While Sun HPC ClusterTools libraries have TNF probes for performance profiling, user code probably will not. You can add probes manually, but since they are C macros you can add them only to C and C++ code. To use TNF probes from Fortran code, you must make calls to C code, such as in this C file, probes.c:
#include <tnf/probe.h> void my_probe_start_(char *label_val) { TNF_PROBE_1(my_probe_start,"user_probes","",tnf_string,label, label_val); } void my_probe_end_ (double *ops_val) { TNF_PROBE_1(my_probe_end ,"user_probes","",tnf_double,ops, *ops_val); }
The start routine accepts a descriptive string, while the end routine takes a double-precision operation count.Then, using Fortran, you might write in main.f:
DOUBLE PRECISION OPERATION_COUNT OPERATION_COUNT = 2.D0 * N CALL MY_PROBE_START("DOTPRODUCT") XSUM = 0.D0 DO I = 1, N XSUM = XSUM + X(I) * Y(I) END DO CALL MY_PROBE_END(OPERATION_COUNT)

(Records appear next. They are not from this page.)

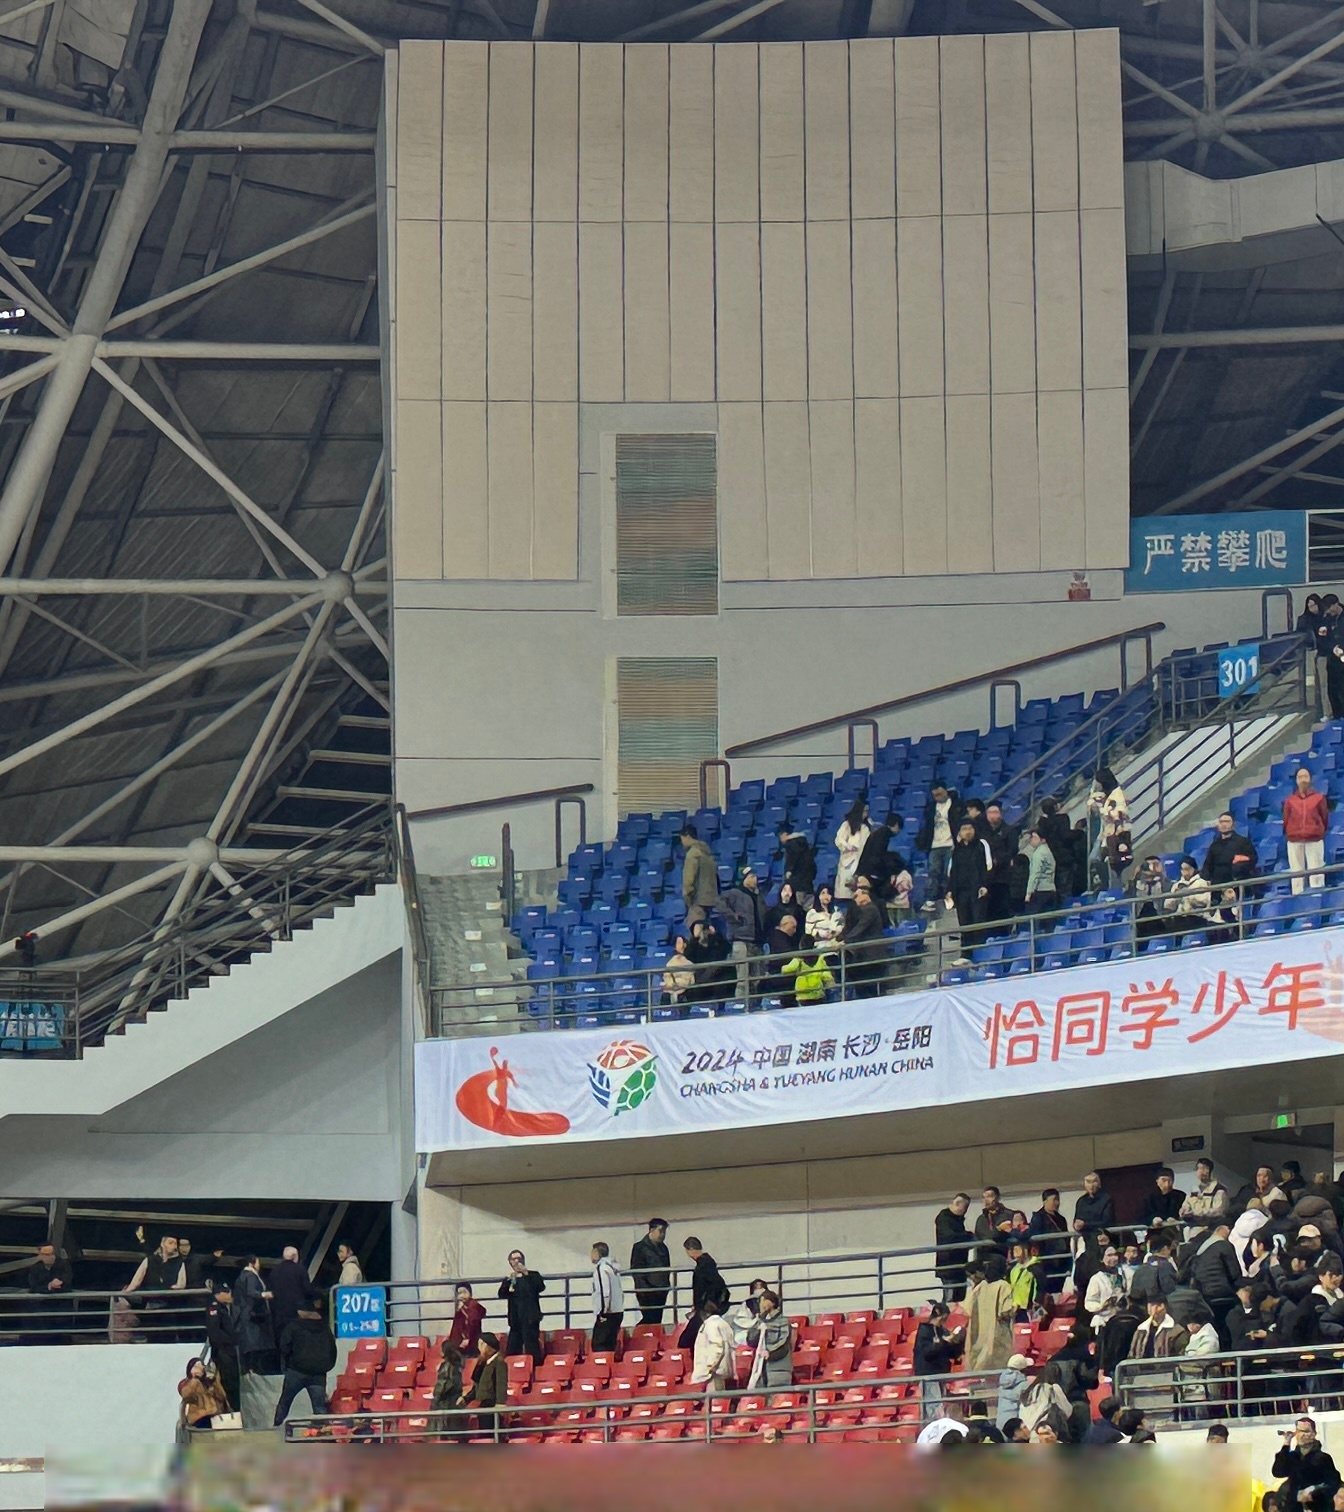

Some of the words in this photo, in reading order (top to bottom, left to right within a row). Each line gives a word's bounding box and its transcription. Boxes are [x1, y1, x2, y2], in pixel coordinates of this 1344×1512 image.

[1143, 528, 1288, 575] 严禁攀爬
[1221, 656, 1258, 687] 301
[984, 961, 1326, 1070] 恰同学少年
[680, 1047, 745, 1076] 2024
[752, 1043, 793, 1070] 中国
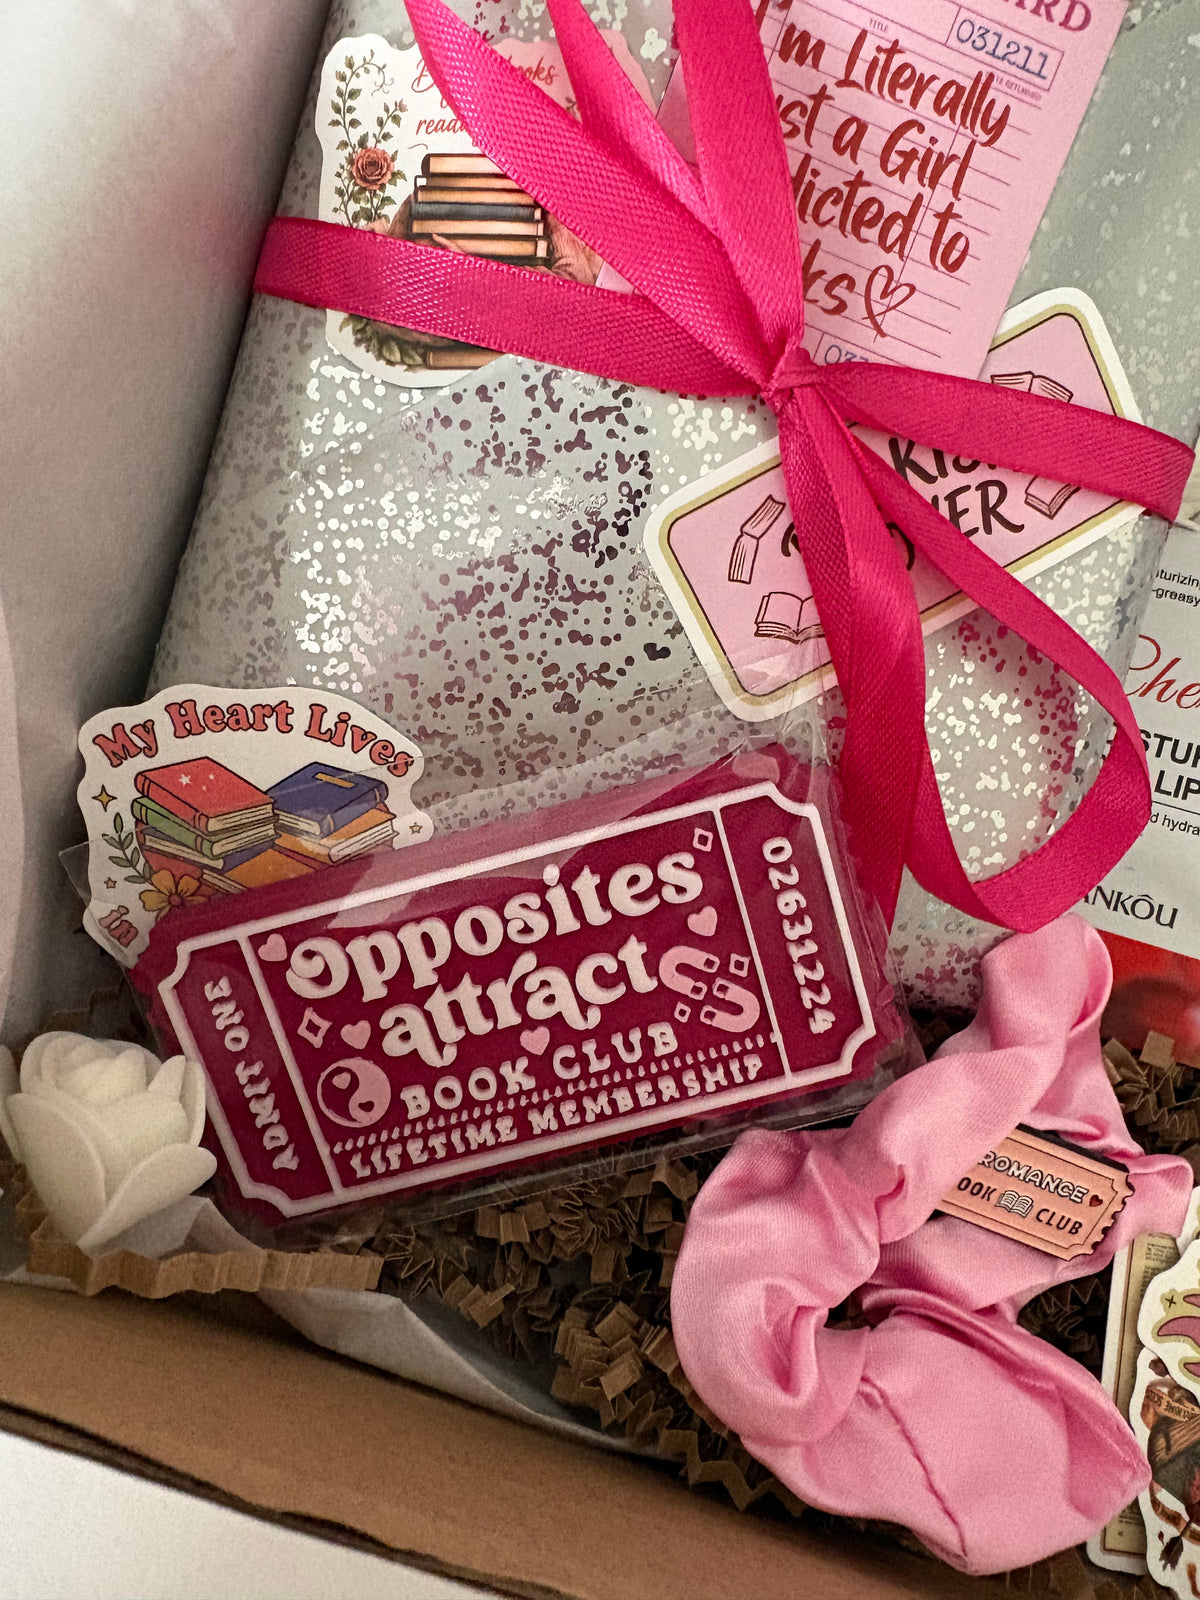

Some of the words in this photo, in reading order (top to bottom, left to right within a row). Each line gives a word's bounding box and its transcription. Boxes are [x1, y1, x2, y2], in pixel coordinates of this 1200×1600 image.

[957, 19, 1047, 80] 031211
[1003, 0, 1092, 32] RD
[835, 28, 1010, 148] Literally
[776, 84, 835, 148] st
[832, 115, 869, 165] a
[879, 119, 978, 201] Girl
[929, 201, 970, 274] to
[931, 479, 1025, 538] ER
[92, 719, 158, 768] My
[164, 699, 294, 739] Heart
[304, 703, 415, 777] Lives
[762, 837, 838, 1035] 02631224
[204, 976, 250, 1052] ONE
[379, 933, 659, 1068] attract
[399, 1056, 536, 1120] BOOK
[552, 1021, 679, 1080] CLUB
[235, 1060, 300, 1171] ADMIT
[350, 1115, 518, 1179] LIFETIME
[527, 1053, 763, 1135] MEMBERSHIP
[977, 1151, 1090, 1205] ROMANCE
[1035, 1208, 1083, 1235] CLUB

Fortran will convert routine names to lowercase and append an underscore character.
To compile and link, use
% cc -c probes.c % f77 main.f probes.o -ltnfprobe
By default, the Prism command tnfcollection on enables all probes. Alternatively, these sample probes could be controlled through their probe group user_probes. Profile analysis can use the interval my_probe.

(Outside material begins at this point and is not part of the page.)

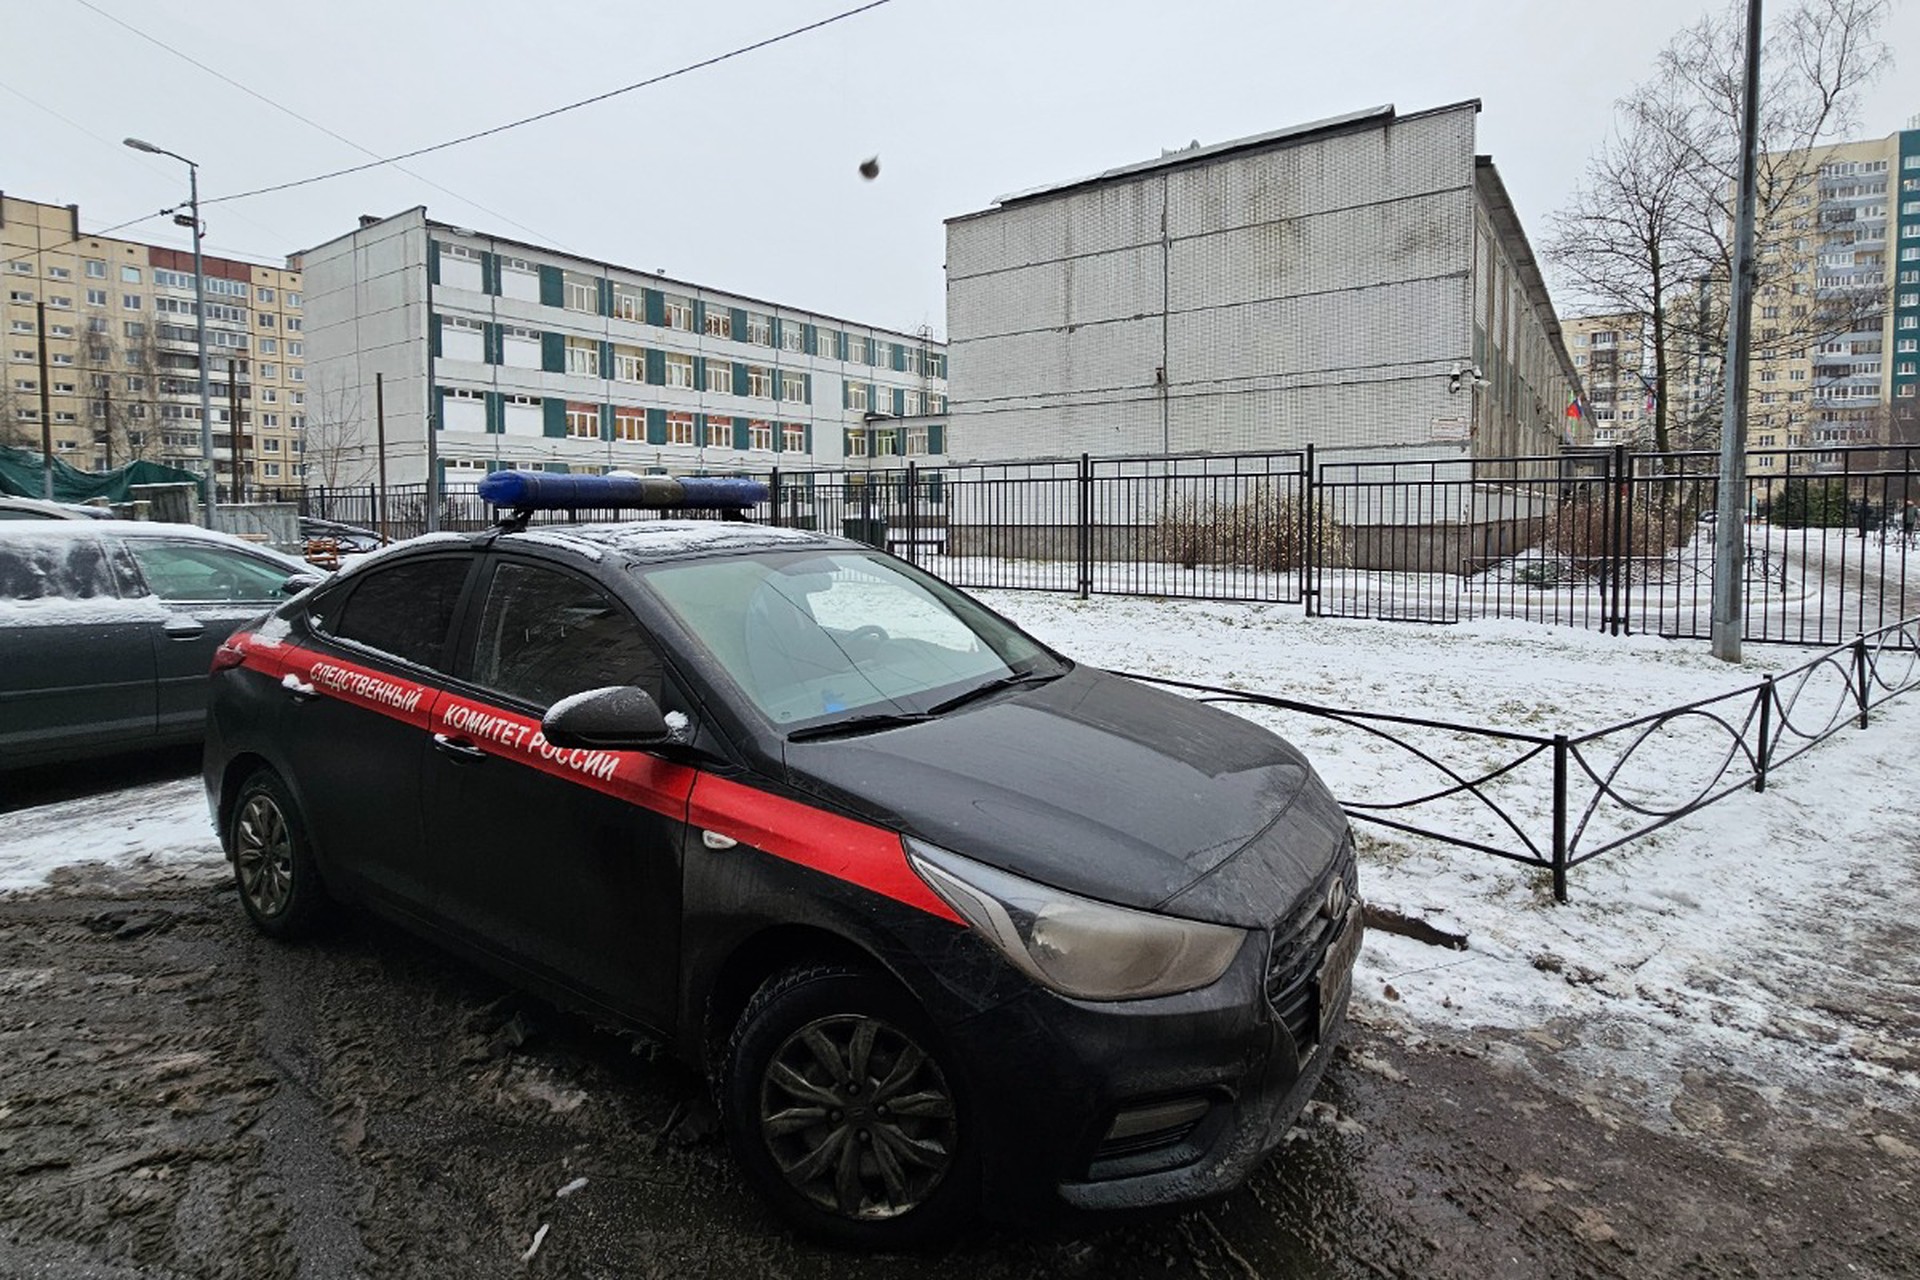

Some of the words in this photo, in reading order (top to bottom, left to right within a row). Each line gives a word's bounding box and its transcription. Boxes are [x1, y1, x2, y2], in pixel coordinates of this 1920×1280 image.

[310, 662, 423, 712] СЛЕДСТВЕННЫЙ
[443, 704, 531, 748] КОМИТЕТ
[528, 732, 620, 781] РОССИИ

For more information on TNF probes, consult the man page for TNF_PROBE(3X).
For more involved data collection experiments, you can collect TNF profiling information in batch mode, for viewing and analysis in a later, interactive session. Such collection may be performed using Prism in commands-only mode, invoked with prism -C. For example, the simplest data collection experiment would be
tnfcollection on run wait quit
The wait command is needed to keep file merge from happening until after the program has completed running. One way of feeding commands to Prism is through the .prisminit file (note the leading "."), which is read by Prism upon startup. See Appendix A, Commands-Only Prism and Chapter 10, Customizing Prism for more information on commands-only mode and .prisminit files, respectively.
Sometimes it is hard to account for MPI activity properly. For example, if one issues an asynchronous send or receive (MPI_Isend or MPI_Irecv), the data movement may occur during that call, during the corresponding MPI_Wait or MPI_Test call, or during any other MPI call in between.
Similarly, general polling (such as with the environment variable MPI_POLLALL) may skew accounting. For example, an incoming message may be read during a send call because polling causes arrivals to be polled aggressively.
In sum, it will not generally be possible to produce pictures like Figure 7-7, from which one can extract an effective bandwidth estimate.